5. Kerusakan parah dihindari oleh kerusakan yang lebih ringan. Jika kerusakan tidak
dapat dihindari, strateginya adalah memilih kerusakan yang lebih ringan. Dalam hal
bank syariah tidak memiliki pilihan lain kecuali menggunakan kontrak kontroversial
seperti tawarruq dalam mengelola likuiditasnya, mungkin melakukannya karena
kerusakan bank yang
6. Bahaya harus Dihilangkan Pepatah ini menyatakan bahwa segala bentuk bahaya
yang dapat menimpa orang-orang dalam salah satu aspek penting dari kehidupan
mereka harus dihilangkan. Bank Indonesia harus menaikkan persyaratan kualifikasi
pendapatan kepada pemohon kartu kredit untuk mencegah masyarakat mengambil
lebih banyak utang.
7. Pencabutan bahaya lebih disukai daripada pencapaian benefts. Jika ada konflik
antara bahaya dan beneft, wajib untuk mencabut atau mencabut kerugian terlebih
dahulu Instrumen berbasis utang seperti murabaḥah, mengingat kontraknya yang
sah, penggunaannya yang luas menonjolkan ketidaksetaraan.

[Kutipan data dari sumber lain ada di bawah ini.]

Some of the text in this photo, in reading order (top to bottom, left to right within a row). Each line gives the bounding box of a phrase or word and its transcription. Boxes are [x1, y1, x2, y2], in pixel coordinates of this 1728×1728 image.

8. Kesulitan Melahirkan Fasilitas Pepatah ini menunjukkan bahwa Islam memiliki
kepedulian yang kuat dalam menghilangkan kesulitan dan kesulitan dan
mempromosikan kemudahan. Penentuan biaya aktual untuk setiap produk
perbankan syariah sangat sulit. Oleh karena itu, bank syariah dapat menggunakan
akumulasi dan kemudian didistribusikan ke semua produk.

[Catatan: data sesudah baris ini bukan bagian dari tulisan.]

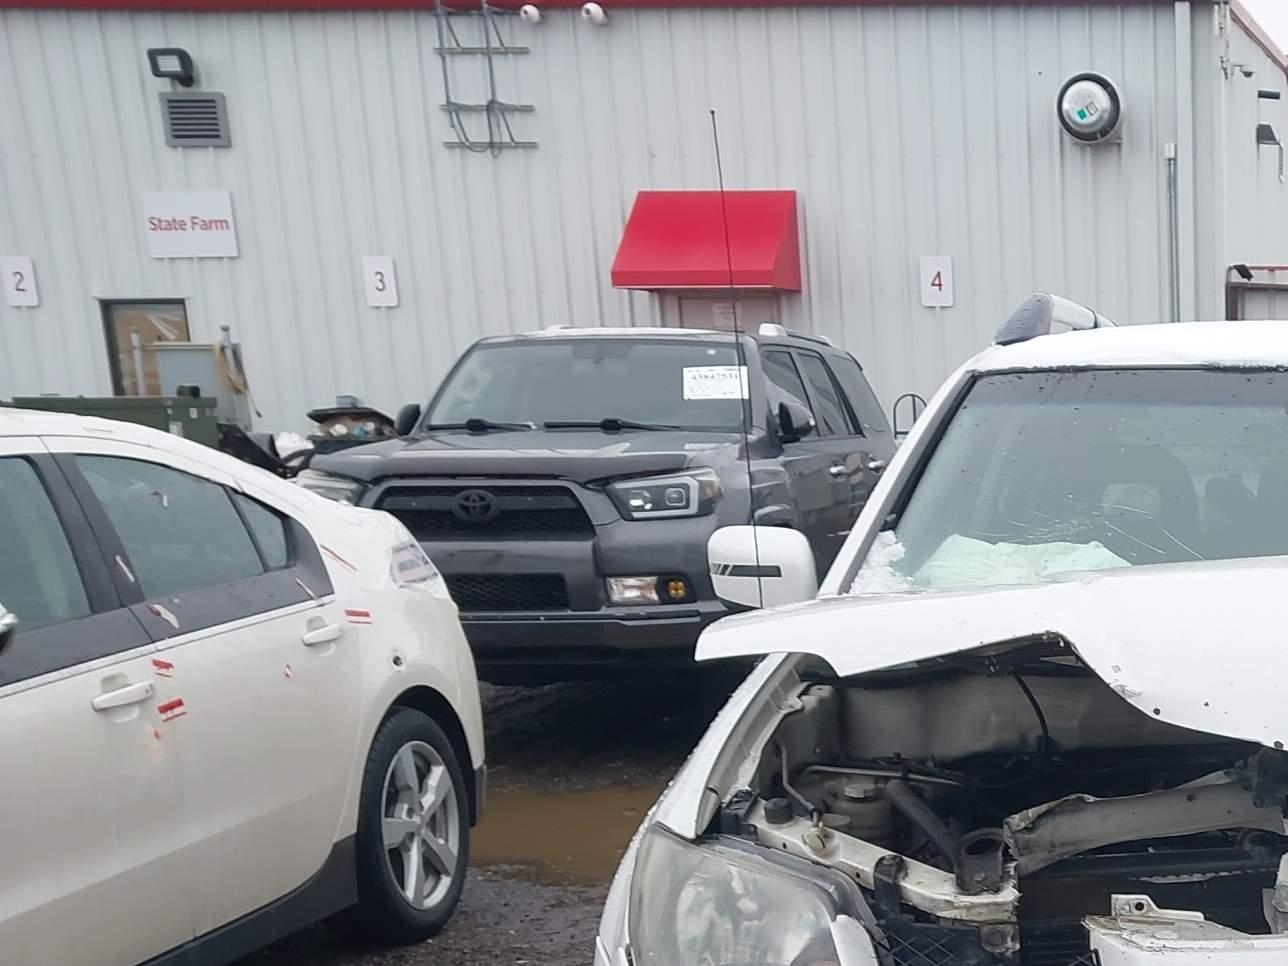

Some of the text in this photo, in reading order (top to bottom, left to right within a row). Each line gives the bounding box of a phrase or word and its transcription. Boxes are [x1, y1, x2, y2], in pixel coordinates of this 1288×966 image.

9. Sarana diperlakukan sebagai target mereka Harus ada korelasi antara mean dan
tujuan Akumulasi aset oleh lembaga keuangan Syariah diperbolehkan. Namun,
caranya juga harus sesuai dengan syariah.

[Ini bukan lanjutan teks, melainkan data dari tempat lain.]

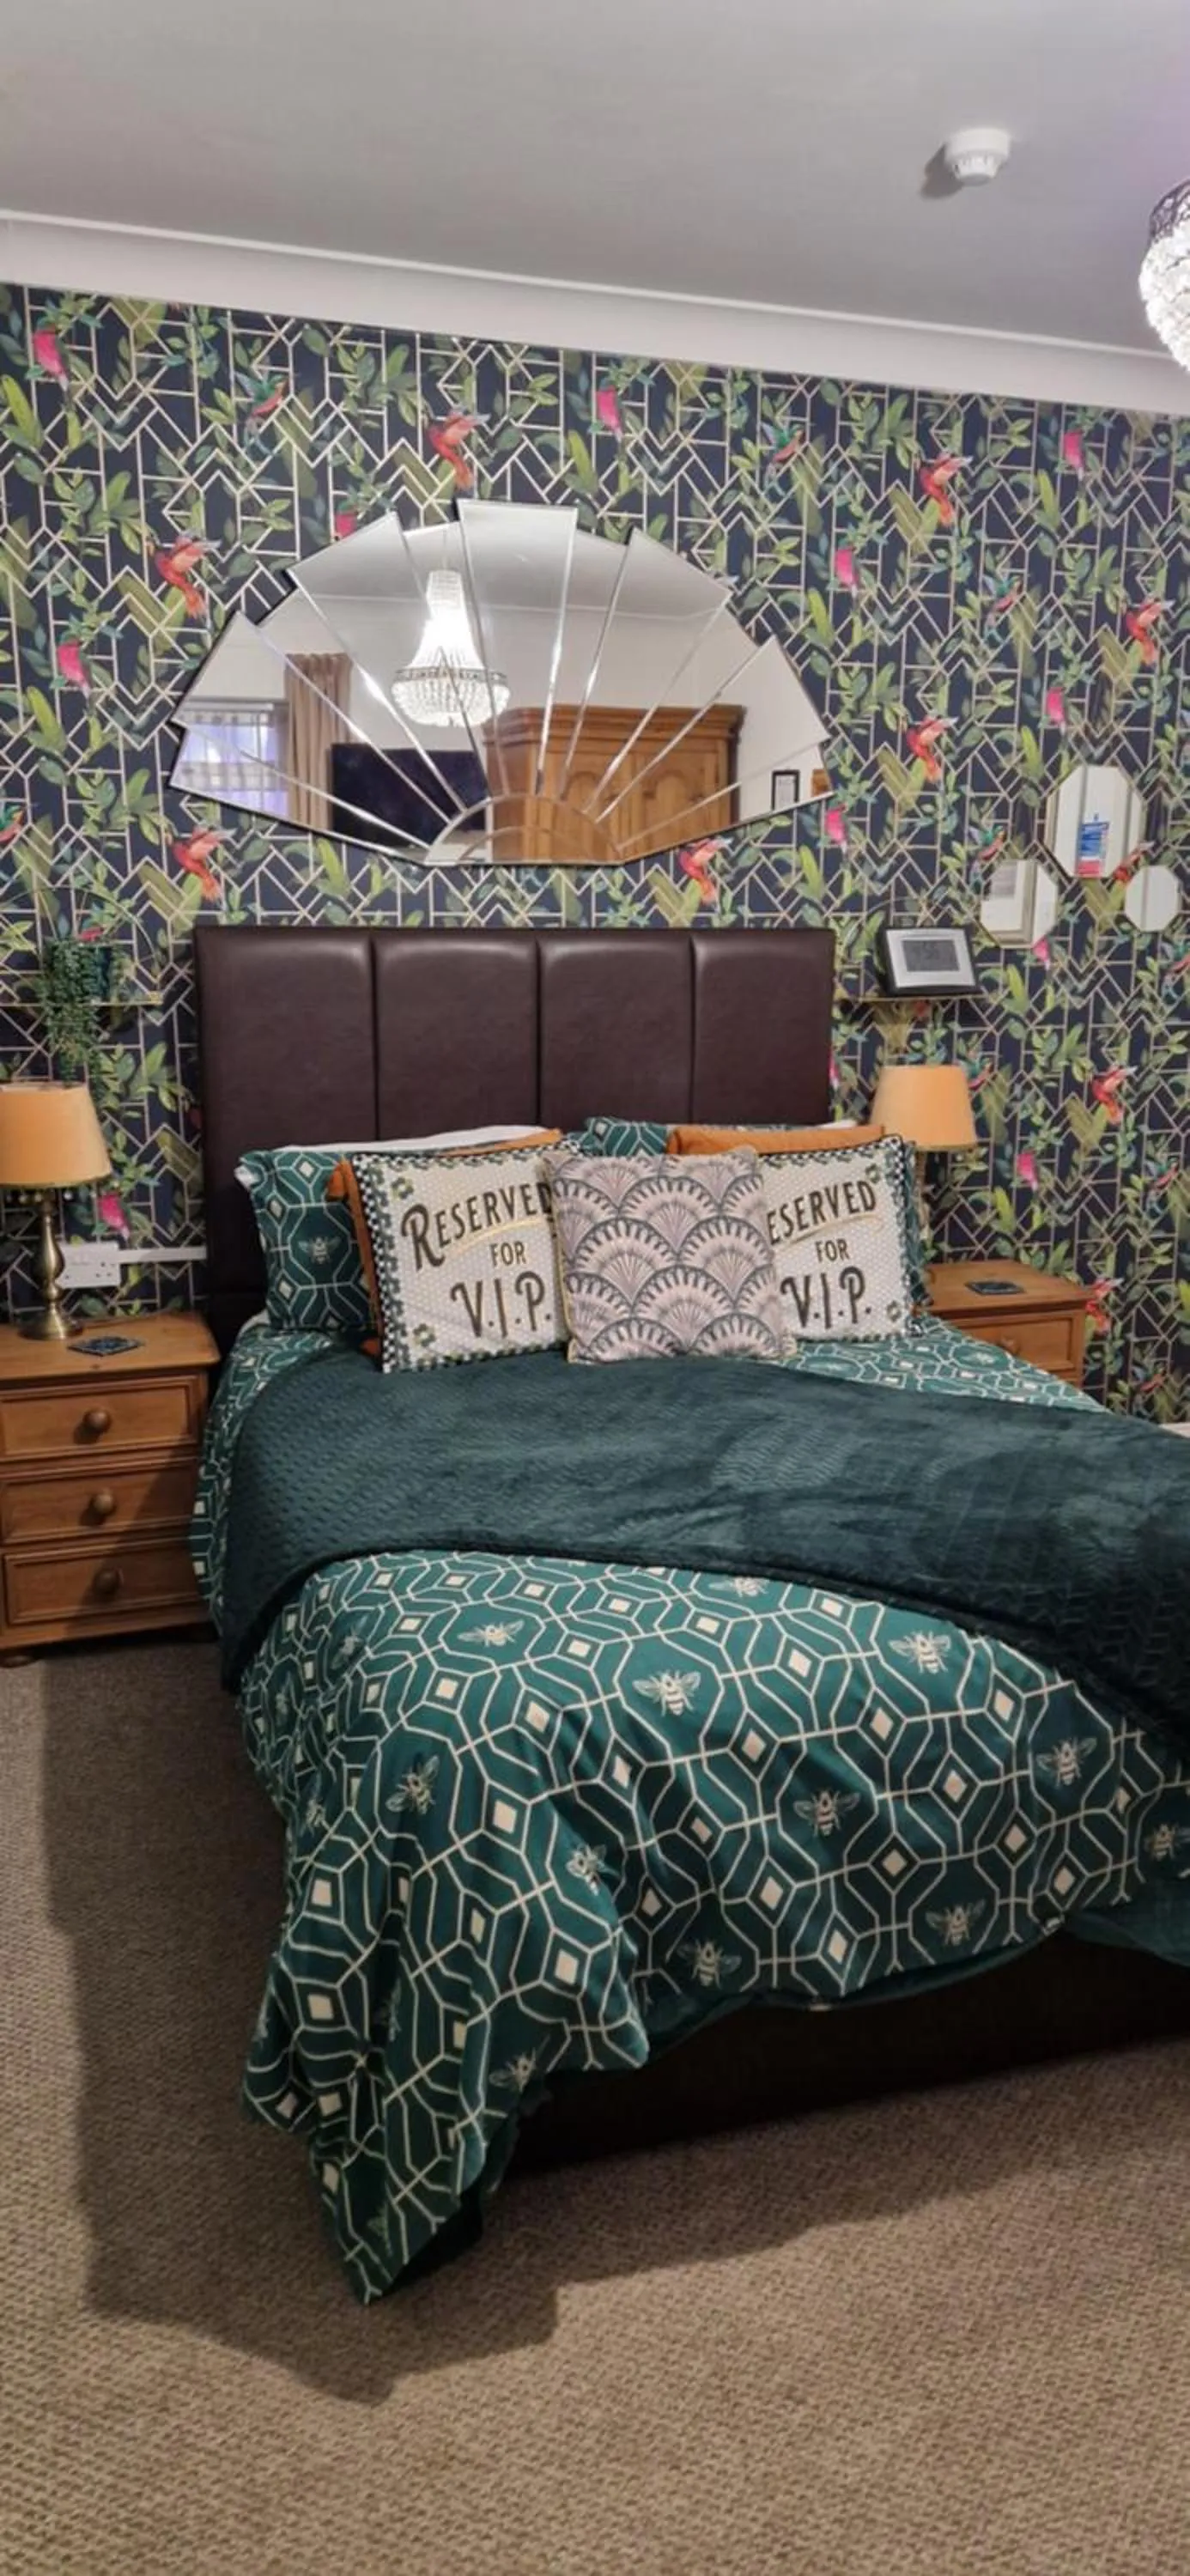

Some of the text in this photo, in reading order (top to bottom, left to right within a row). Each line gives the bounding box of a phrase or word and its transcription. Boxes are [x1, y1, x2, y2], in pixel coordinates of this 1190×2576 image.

[401, 1182, 550, 1271] RESERVED
[767, 1181, 876, 1245] ESERVED
[490, 1242, 526, 1267] FOR
[816, 1239, 849, 1262] FOR
[451, 1272, 550, 1337] V.I.P.
[780, 1267, 871, 1328] V.I.P.

10. Kebutuhan membuat hal yang dilarang Diperbolehkan Dalam krisis tersebut, bank
dapat mengeluarkan peraturan pembatasan yang ditarik untuk mengurangi dampak
pada stabilitas keuangan.
11. Manajemen Urusan warga negara tergantung pada kesejahteraan publik. Pepatah ini
menunjukkan bahwa tindakan siapa pun yang merupakan wali atas sesuatu harus
tunduk pada pemenuhan kepentingan orang-orang yang menjadi tanggung jawab
mereka. Penyaluran zakat harus diberikan kepada masyarakat yang membutuhkan.

Referensi
Qoyum, A. (2018). Maqasid Ash-Shari’ah Framework and the Development of
Islamic Finance Products: The Case of Indonesia. Universitas Ekonomi
Islam Tazkia: Lembaga Penelitian dan Pemberdayaan Masyarakat.